## Exercise description
Write the listing below out again exactly, dropping the images.

####################

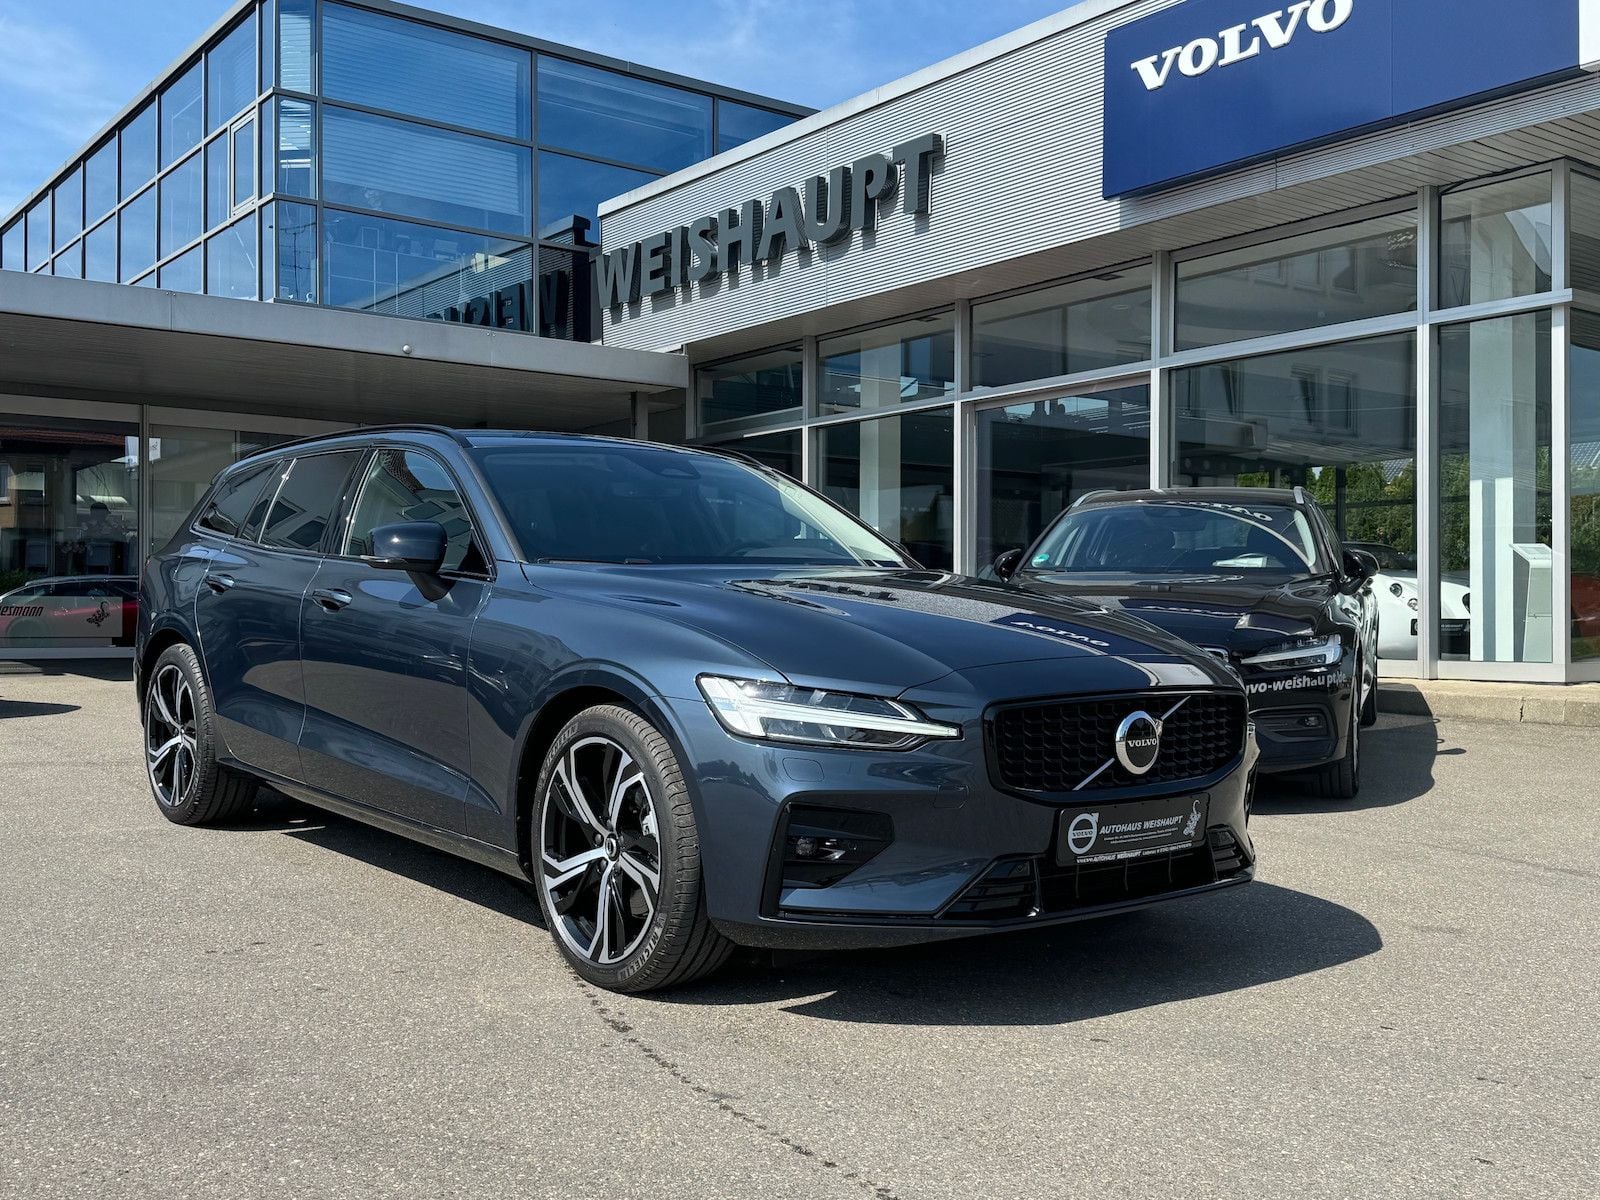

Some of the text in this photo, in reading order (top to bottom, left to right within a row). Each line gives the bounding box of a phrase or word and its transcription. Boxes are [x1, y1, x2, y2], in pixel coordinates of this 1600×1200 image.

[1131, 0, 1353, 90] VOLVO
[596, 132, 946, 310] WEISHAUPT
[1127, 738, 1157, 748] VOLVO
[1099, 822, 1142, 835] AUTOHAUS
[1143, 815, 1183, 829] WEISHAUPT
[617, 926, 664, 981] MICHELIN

####################

## Answer box
Some of the text in this photo, in reading order (top to bottom, left to right within a row). Each line gives the bounding box of a phrase or word and its transcription. Boxes are [x1, y1, x2, y2], in pixel coordinates of this 1600×1200 image.

[1131, 0, 1353, 90] VOLVO
[596, 132, 946, 310] WEISHAUPT
[1127, 738, 1157, 748] VOLVO
[1099, 822, 1142, 835] AUTOHAUS
[1143, 815, 1183, 829] WEISHAUPT
[617, 926, 664, 981] MICHELIN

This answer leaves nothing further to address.